Published on June 05, 2023

closeup of hand holding salt shaker

How to 'Add Salt to Taste' and Stay Within Recommended Guidelines

Registered dietitians at heart-health focused hospitals will come down hard on salt. It's part of their job description.

The recommendation is 2,300 milligrams of sodium per day. This will help reduce cardiovascular and hypertension risk. Cutting your sodium intake to 1,500 milligrams per day is the gold standard for people with hypertension.

Registered dietitians can recite that in their sleep.

But since there are 2,360 milligrams of sodium in just a teaspoon of iodized table salt, you don’t get much salt to use when seasoning a new recipe you're whipping up from scratch.

Dietary Recommendation for Adding Salt to Taste

So when the recipe says “Add salt, to taste” most dietitians have a simple response: Add none.

Chefs and cooks in the culinary community may disagree. Yet the new dietary guidelines for Americans say that “Most of the sodium consumed in the U.S. comes from salt added during commercial food processing and preparation, including foods prepared at restaurants.”

Cooking at home from scratch — not dining out or going out — can help you apply the “salt, to taste” approach in a healthy way.

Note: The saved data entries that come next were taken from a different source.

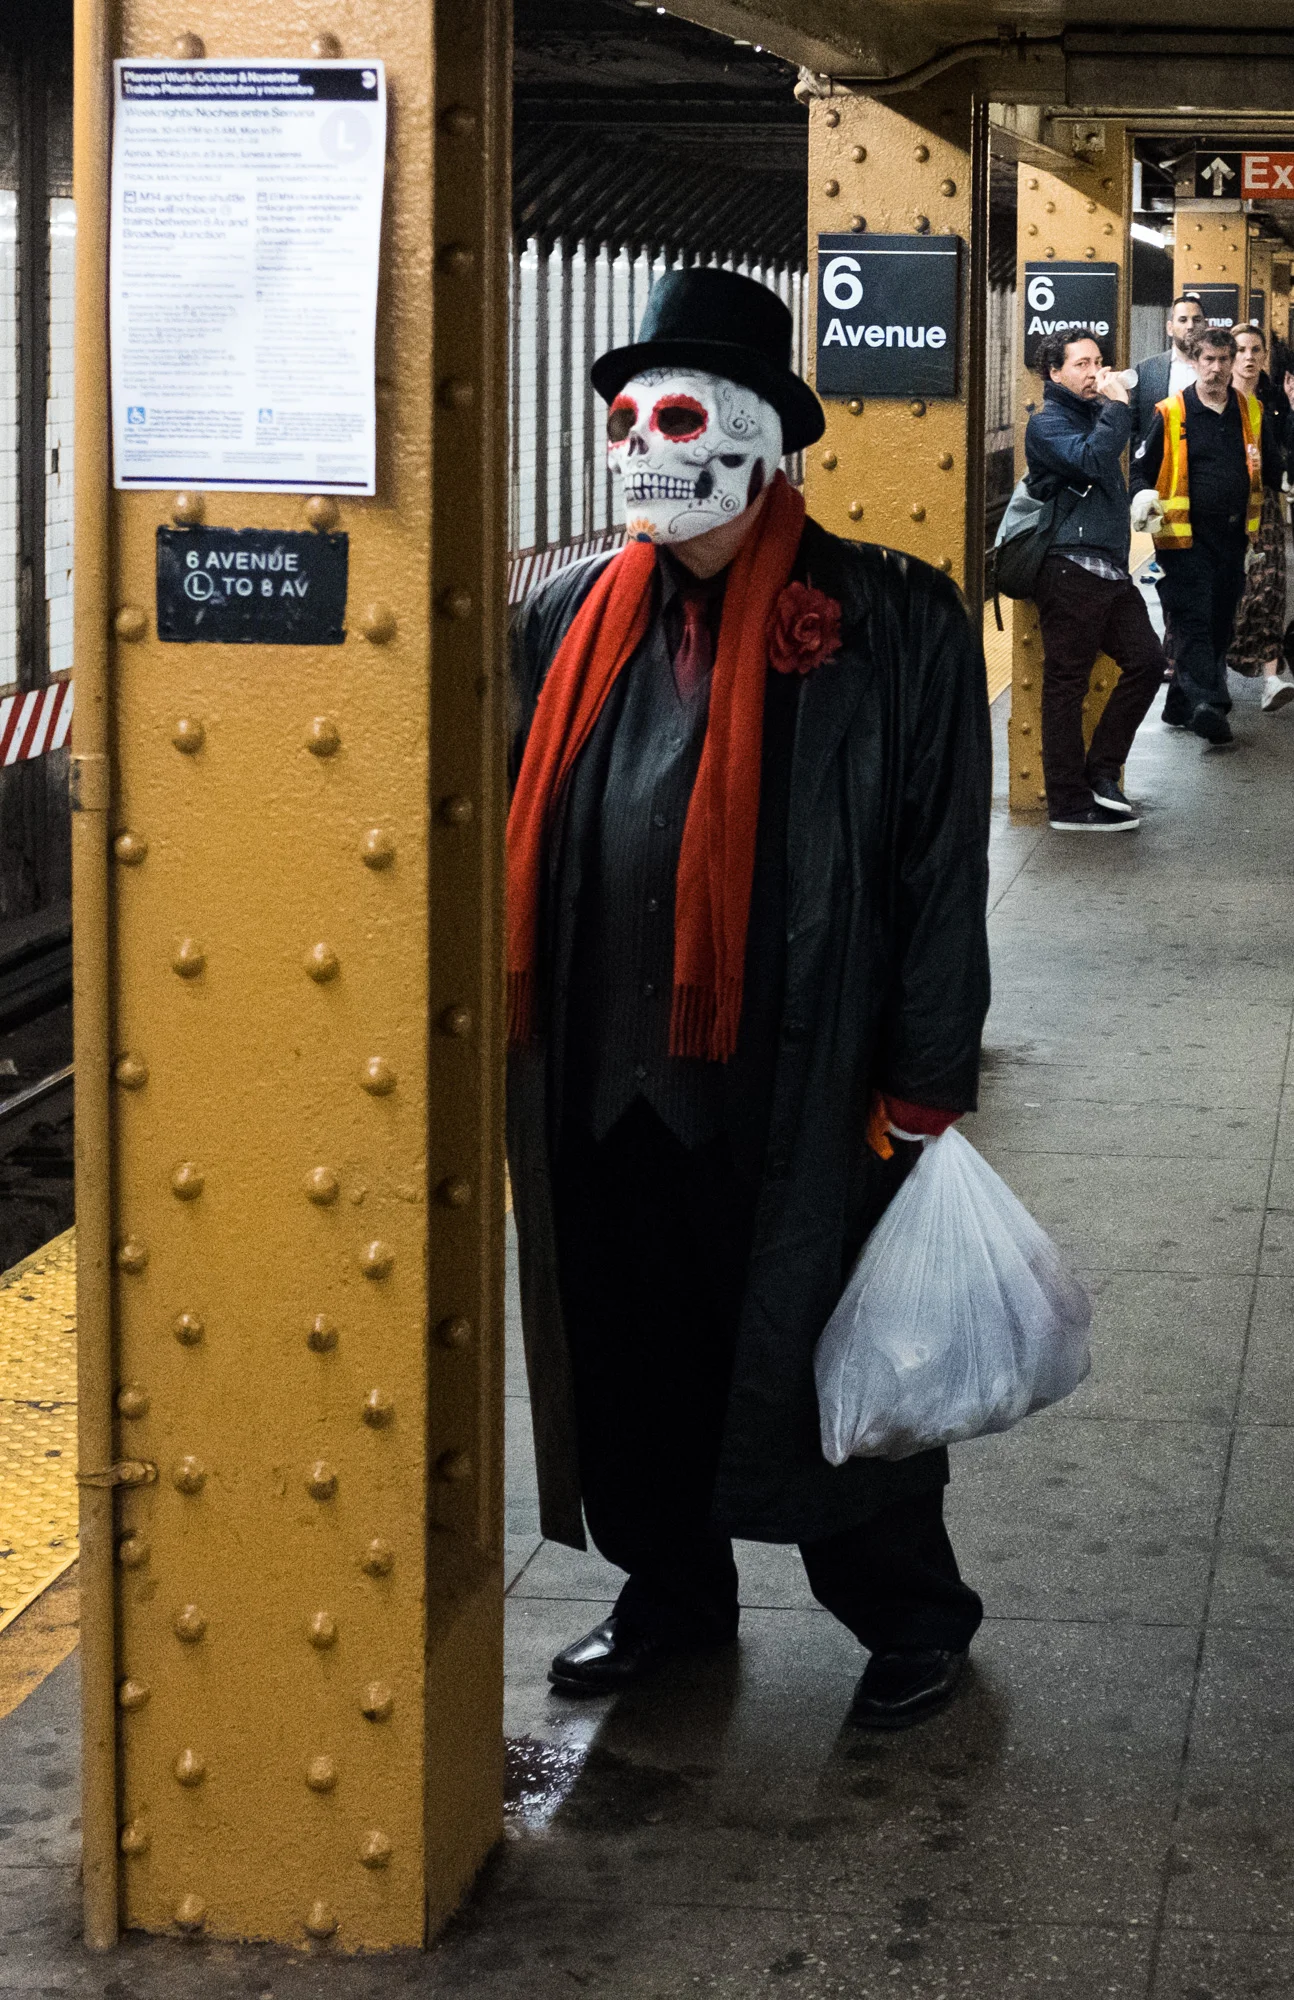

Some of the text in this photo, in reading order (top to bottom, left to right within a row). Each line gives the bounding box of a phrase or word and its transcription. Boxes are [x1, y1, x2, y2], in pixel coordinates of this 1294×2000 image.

[823, 256, 863, 310] 6
[1027, 276, 1055, 312] 6
[822, 318, 947, 349] Avenue
[1206, 315, 1233, 328] nue
[186, 551, 299, 571] 6 AVENUE
[222, 578, 253, 597] TO
[261, 578, 273, 597] 8
[280, 579, 309, 597] AV

How to Stay Within Guidelines for Sodium

If you are trying to stay within the recommendations, keep these ideas in mind:

  • Look for recipes with lean cuts of meat, lots of produce and spices for flavor. These ingredients should have very little sodium.
  • Set your sights on ⅛ of a teaspoon. Measure this amount out and pour it in your hand. Look at it. This is your starting point. If you know how one-eighth a teaspoon of salt looks in your hand, you'll be better off.
  • When prepping ingredients, make sure to take a look at the nutrition facts to see just how many already have sodium and how much. Remember, the less ingredients with labels, the better.
  • Adding spices and seasoning your dish — those are not the same thing. Spices like black pepper, chili powder or oregano add their own flavors. While seasoning (with salt) is designed to enhance the flavor of the ingredients, recipes with many spices might not require as much salt.
  • Some chefs and cooks might disagree. That's OK! You're not serving 400 customers in a dinner rush. You're cooking for you and your family. Both their approach — using plenty of salt to make dishes "pop" — and yours "cutting salt to cut sodium" are valid.

Learn more about how much sodium is in your diet.

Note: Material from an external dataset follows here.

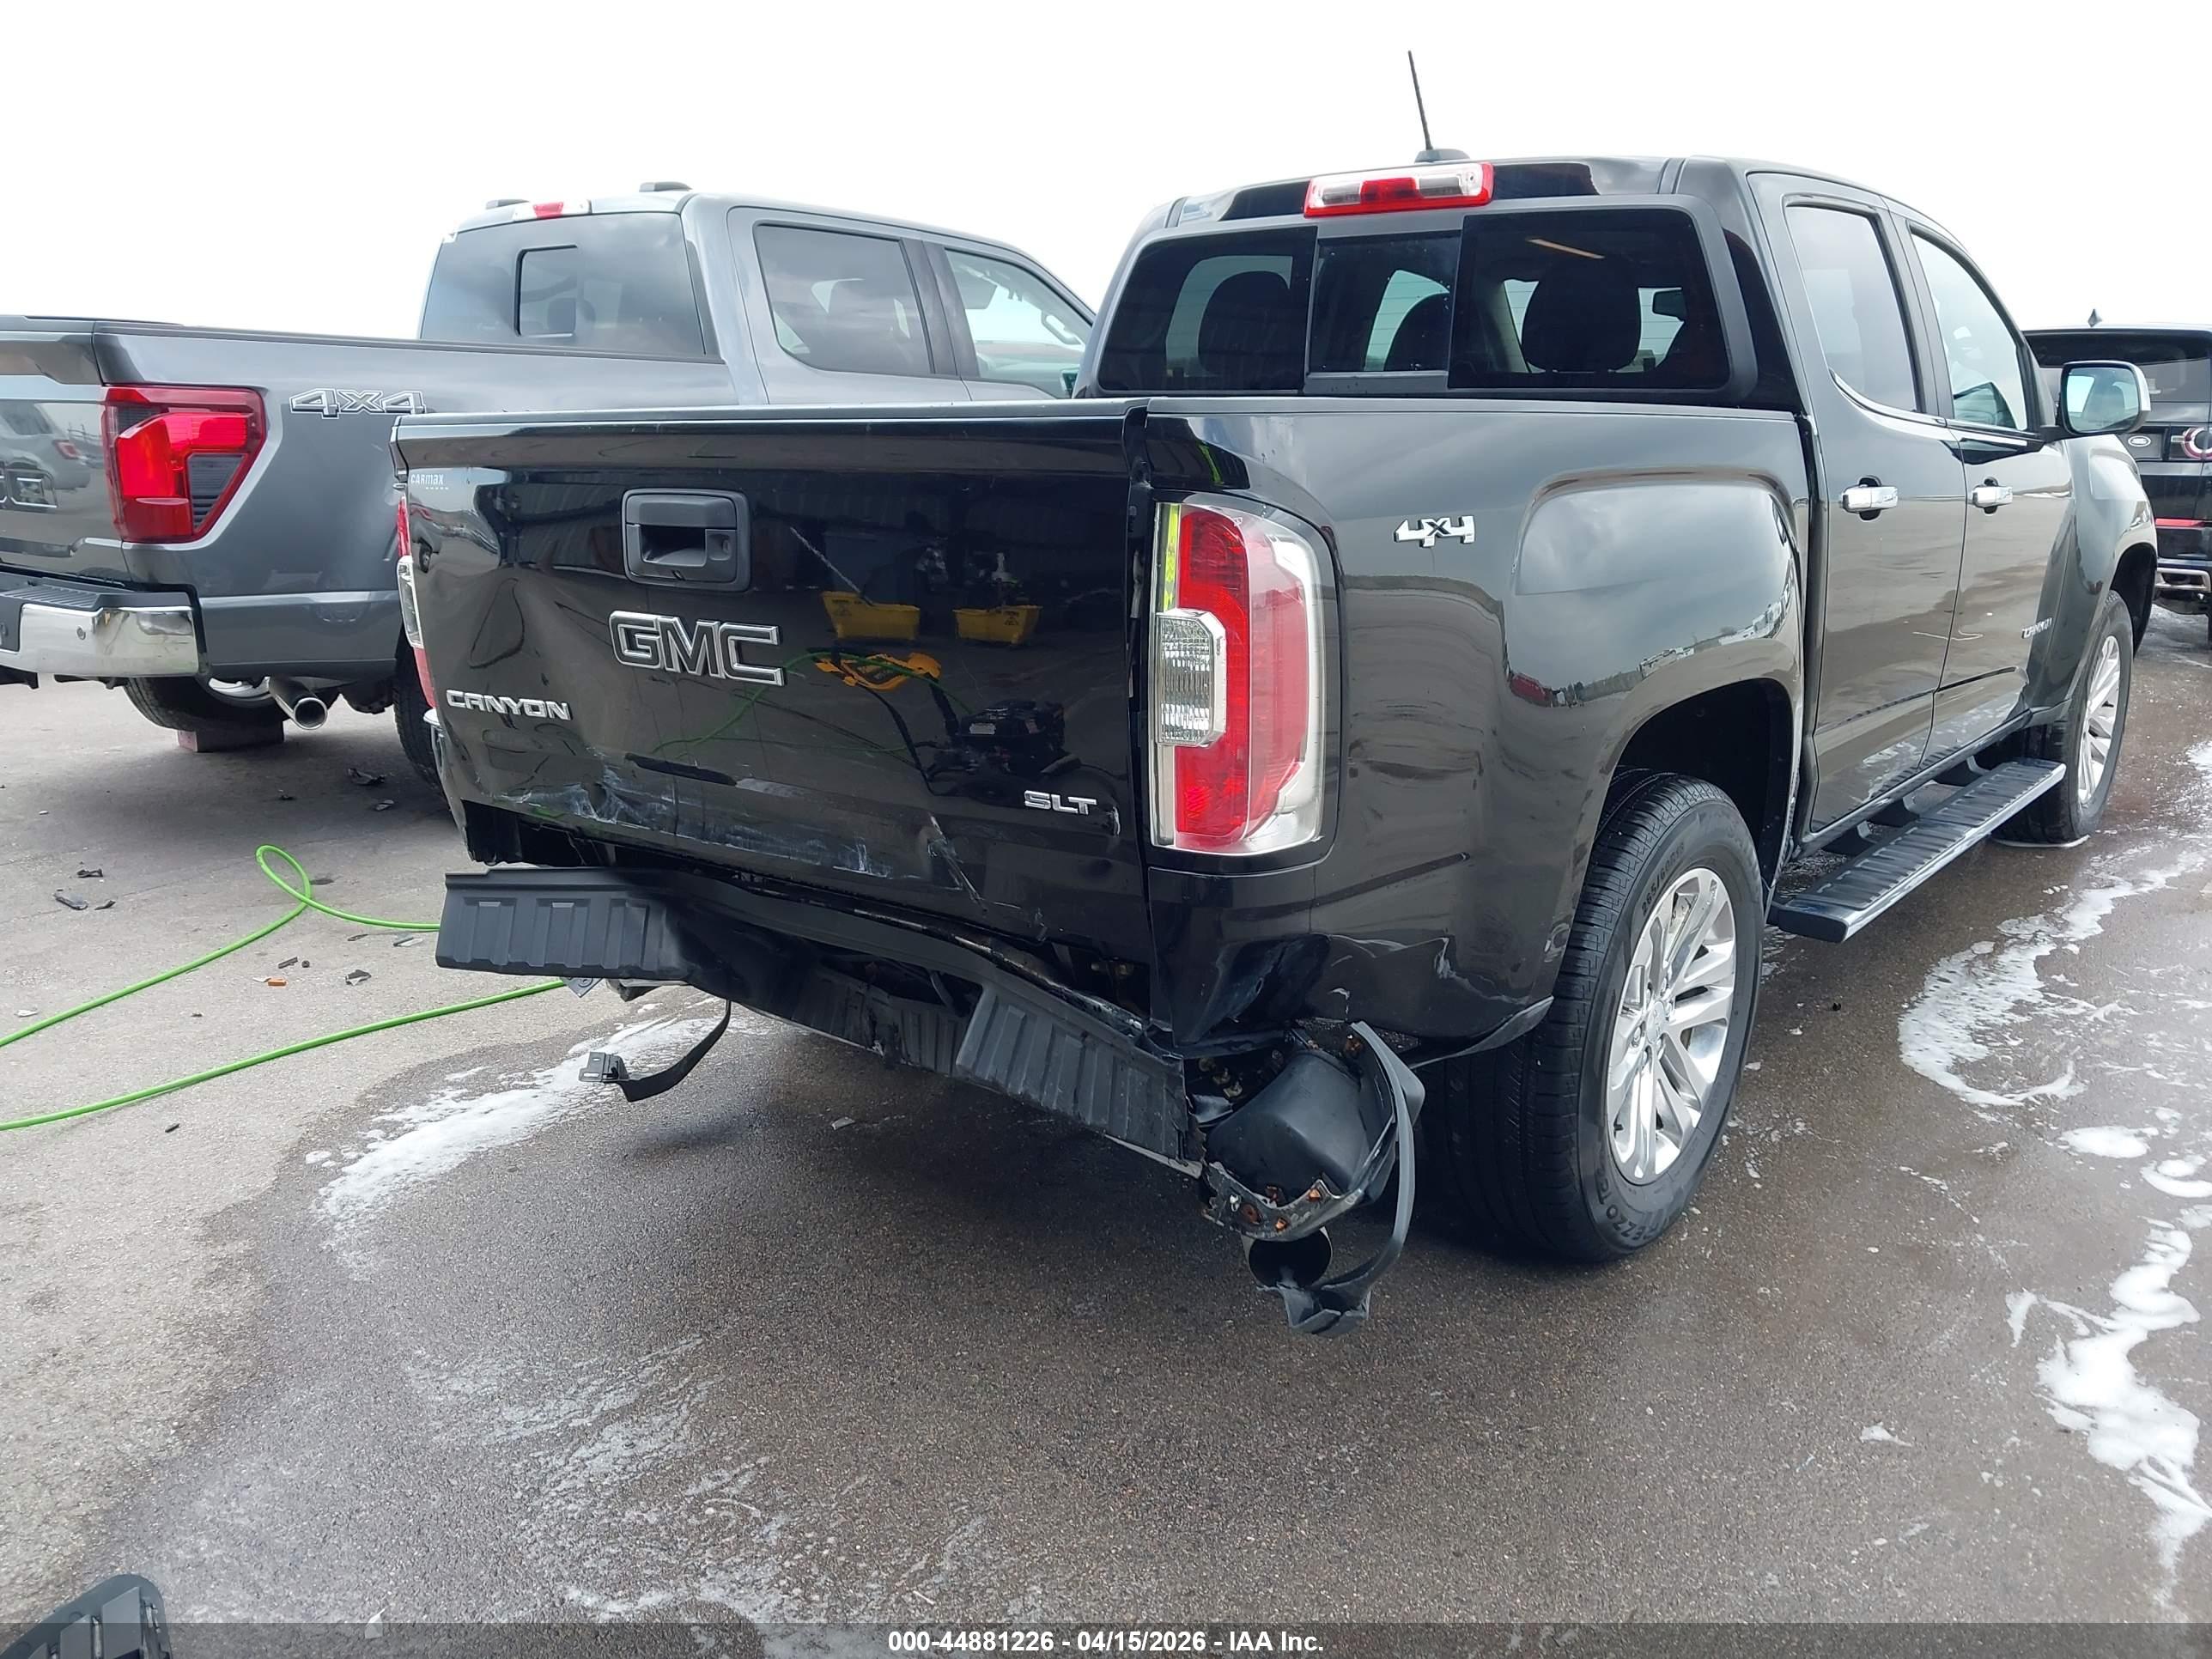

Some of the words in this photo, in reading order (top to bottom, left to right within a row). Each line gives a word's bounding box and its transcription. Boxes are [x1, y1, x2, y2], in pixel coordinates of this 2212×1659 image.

[609, 610, 785, 687] GMC
[446, 690, 573, 721] CANYON
[1024, 790, 1097, 815] SLT

Adding Flavor with Salt Requires Finesse and Timing

No two dishes are the same. So don't apply a single approach with the use of salt. Instead, remember these tips:

  • Season your dish with salt in stages as each add can drastically change flavor or moisture. Letting your meat rest with a little salt on it, adding a little salt before roasting or sautéing vegetables or boiling grains in salted water would be examples of when you can make a bigger impact with salt. But remember: no more than ⅛ teaspoon each time you add.
  • Taste the dish regularly through the cooking process.
  • Salting food at the very end is when you want the actual flavor of salt, such as French fries, chips and popcorn. If you’re trying to reduce your sodium, avoid this step.
  • Learning to properly season your food requires trial and error. Just because it says “add salt to taste" doesn't mean you must.

If you try these approaches but still struggle to eat healthier because everything is bland, you can start adding pinches of salt, with the golden rule of only ⅛-teaspoon each time, earlier in the cooking process. It can truly help.